To determine the empirical formula of the compound \( MpXq \) with a cubic-close packing (c.c.p.) arrangement of \( X \), we need to analyze the arrangement of the atoms in the unit cell and how many atoms of \( M \) and \( X \) are present.

### Step 1: Understanding the c.c.p. arrangement
In a cubic-close packing structure, also known as face-centered cubic (FCC), the packing is efficient, and the unit cell consists of:

- **Corner atoms**: There are 8 corners in the unit cell, and each corner atom contributes \(\frac{1}{8\) of an atom to the unit cell.
- **Face atoms**: There are 6 faces in the unit cell, and each face atom contributes \(\frac{1}{2}\) of an atom to the unit cell.

Calculating the total number of \( X \) atoms in the unit cell:

\[
\text{Total } X \text{ atoms} = 8 \times \frac{1}{8} + 6 \times \frac{1}{2} = 1 + 3 = 4
\]

Thus, there are **4 atoms of \( X \)** in the cubic-close packing unit cell.

### Step 2: Determining the number of \( M \) atoms
The general formula of the compound is given as \( MpXq \). For c.c.p. structures, it is common for the metal ions \( M \) to occupy the octahedral or tetrahedral voids in the structure.

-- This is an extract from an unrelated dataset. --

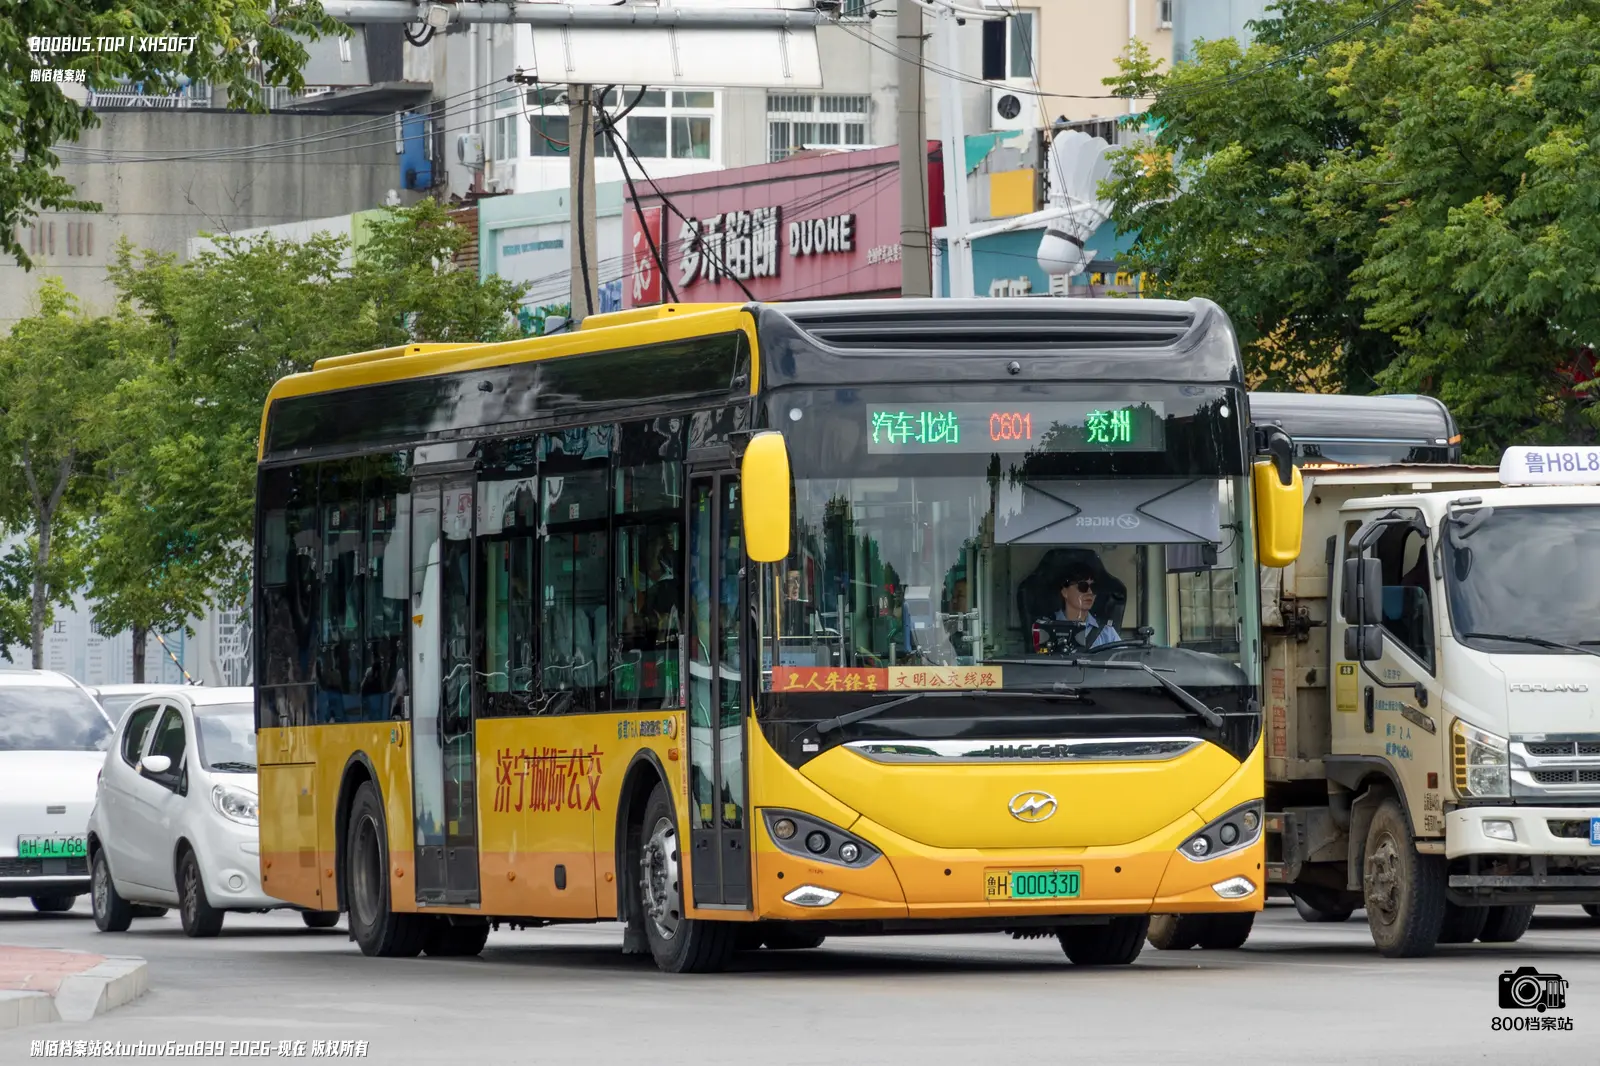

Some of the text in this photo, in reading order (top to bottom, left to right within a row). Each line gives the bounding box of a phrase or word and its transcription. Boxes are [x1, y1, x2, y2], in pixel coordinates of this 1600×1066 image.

#### Voids in the c.c.p. structure
In a cubic-close packing:
- **Octahedral voids**: There is 1 octahedral void per unit cell.
- **Tetrahedral voids**: There are 8 tetrahedral voids per unit cell.

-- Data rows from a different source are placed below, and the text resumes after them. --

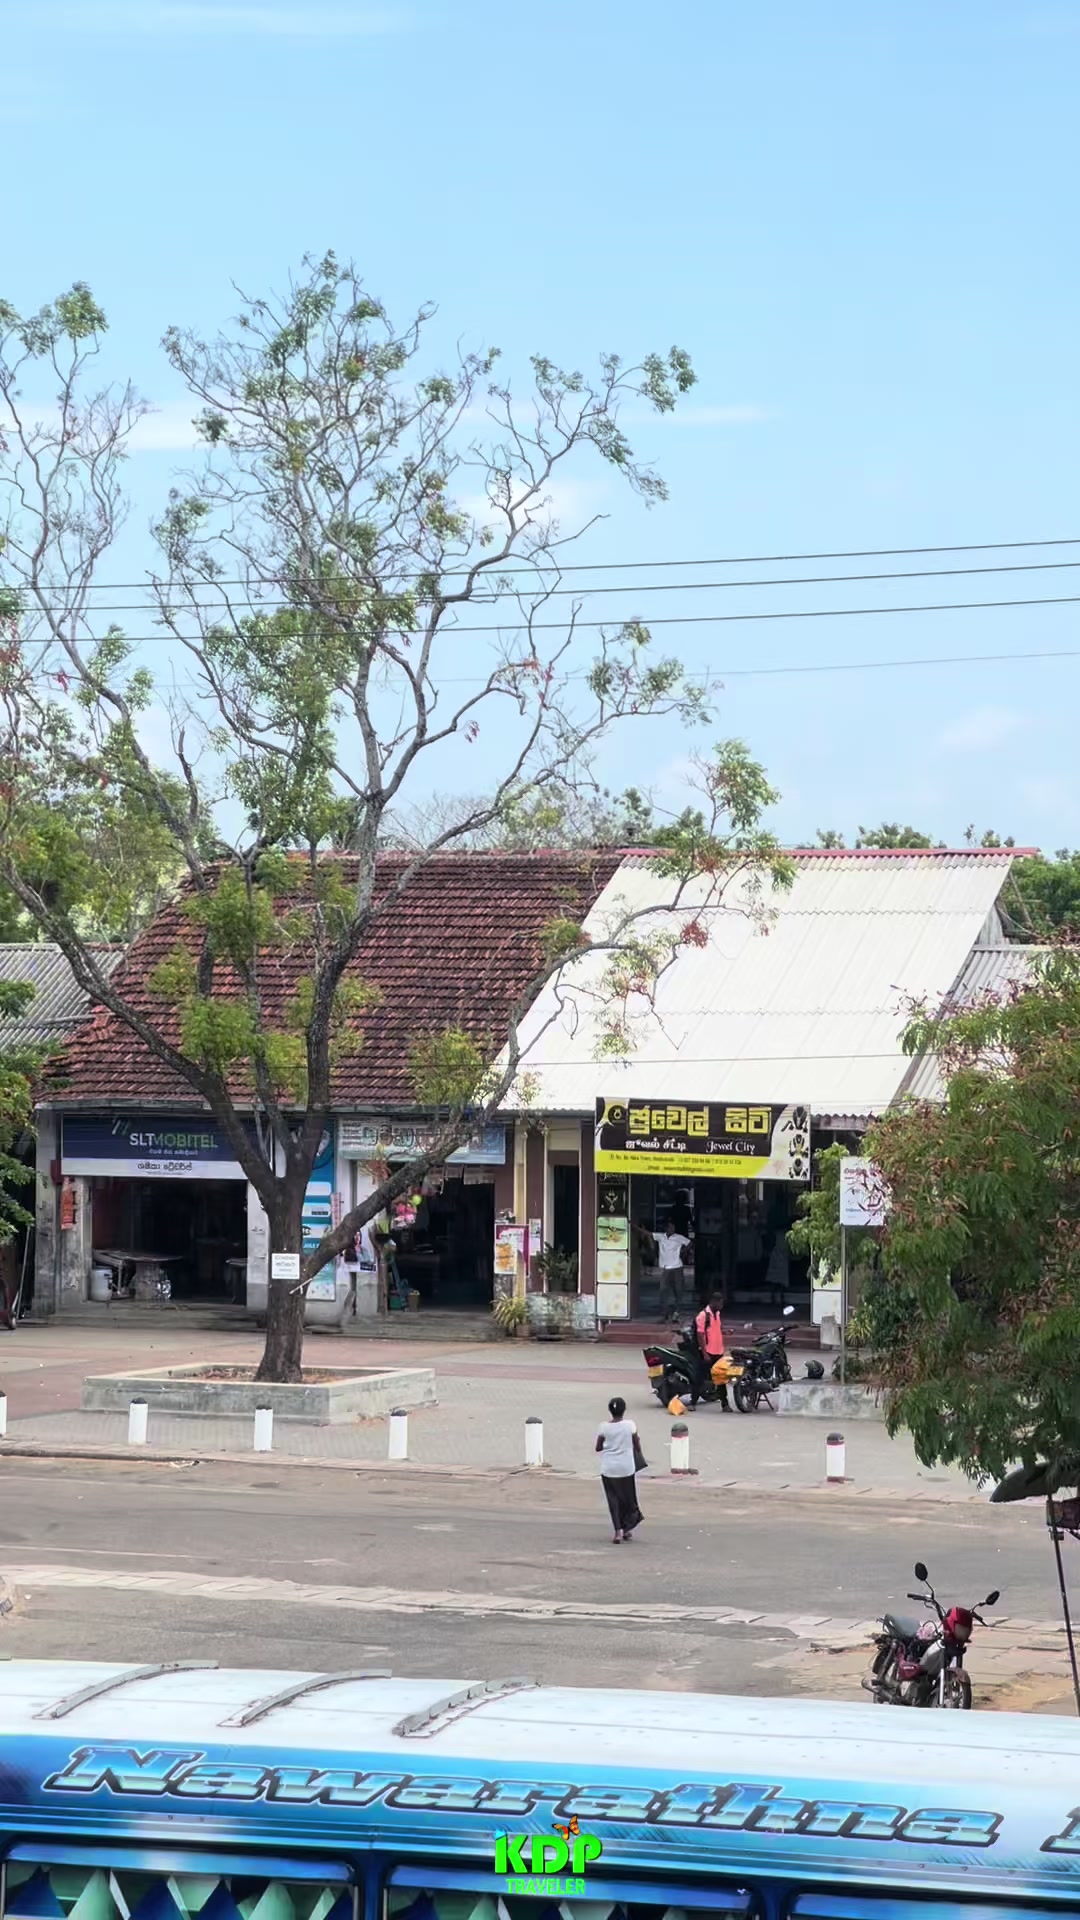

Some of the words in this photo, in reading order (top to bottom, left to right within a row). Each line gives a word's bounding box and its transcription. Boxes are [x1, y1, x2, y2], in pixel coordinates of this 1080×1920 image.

[629, 1105, 709, 1137] ජුවෙල්
[129, 1132, 218, 1149] SLTMOBITEL
[705, 1140, 733, 1153] Jewel
[735, 1141, 756, 1155] City
[40, 1745, 1004, 1850] Nawarathna
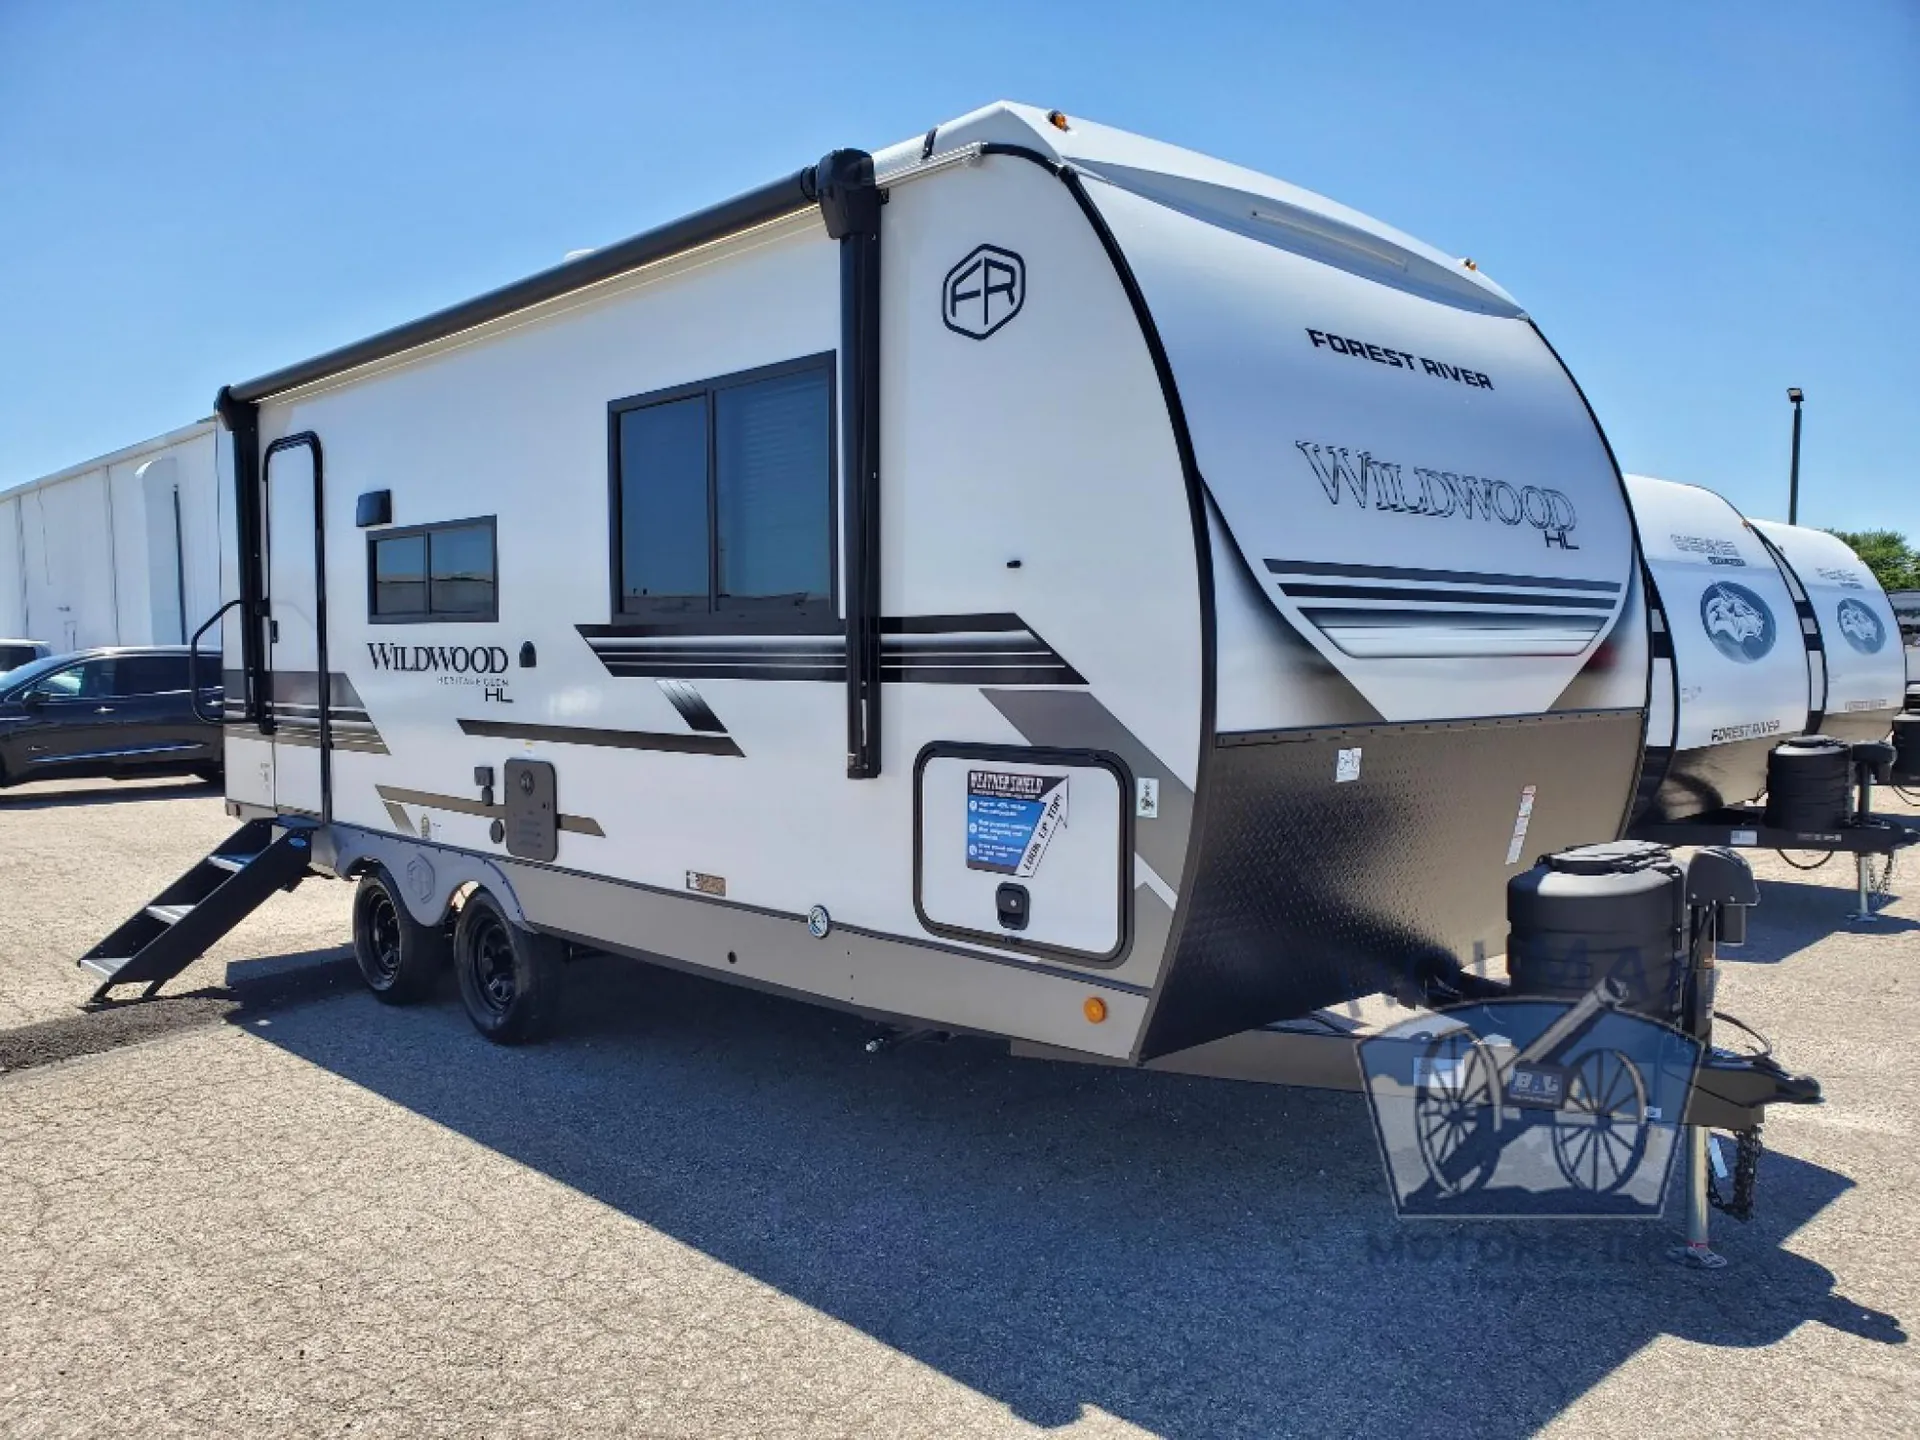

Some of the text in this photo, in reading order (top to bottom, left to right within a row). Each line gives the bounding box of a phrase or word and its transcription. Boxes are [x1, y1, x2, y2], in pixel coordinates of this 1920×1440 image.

If \( M \) occupies octahedral voids, there is 1 \( M \) atom per unit cell. If it occupies tetrahedral voids, there are 8 \( M \) atoms per unit cell.

### Step 3: Analyzing the possible formulas
The possible empirical formulas can be derived based on the number of \( M \) and \( X \) atoms:

1. If \( M \) occupies octahedral voids:
- Empirical formula = \( MX_4 \) (not listed in the options)

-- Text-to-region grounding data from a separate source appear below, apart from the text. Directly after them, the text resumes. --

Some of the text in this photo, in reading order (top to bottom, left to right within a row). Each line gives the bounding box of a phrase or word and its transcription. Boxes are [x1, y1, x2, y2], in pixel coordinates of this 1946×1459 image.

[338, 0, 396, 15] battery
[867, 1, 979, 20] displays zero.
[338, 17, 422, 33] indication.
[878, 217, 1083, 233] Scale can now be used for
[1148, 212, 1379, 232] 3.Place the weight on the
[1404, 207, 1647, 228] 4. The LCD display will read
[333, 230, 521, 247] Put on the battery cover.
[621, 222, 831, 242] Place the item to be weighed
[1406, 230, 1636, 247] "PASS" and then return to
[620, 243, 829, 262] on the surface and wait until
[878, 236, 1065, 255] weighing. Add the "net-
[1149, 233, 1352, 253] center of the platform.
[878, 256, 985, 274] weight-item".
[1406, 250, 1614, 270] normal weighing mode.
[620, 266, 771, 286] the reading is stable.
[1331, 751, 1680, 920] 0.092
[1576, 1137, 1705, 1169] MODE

2. If \( M \) occupies tetrahedral voids:
- Empirical formula = \( M_8X_4 \) or simplified to \( M_2X \).

Since this matches the formula with \( M \) occupying tetrahedral voids, we can conclude:

### Step 4: Conclusion
The empirical formula of the compound \( MpXq \) is:

\[
\text{Answer: } \text{C) } M_2X
\]

This matches our findings based on the c.c.p. structure and the position of \( M \) within it.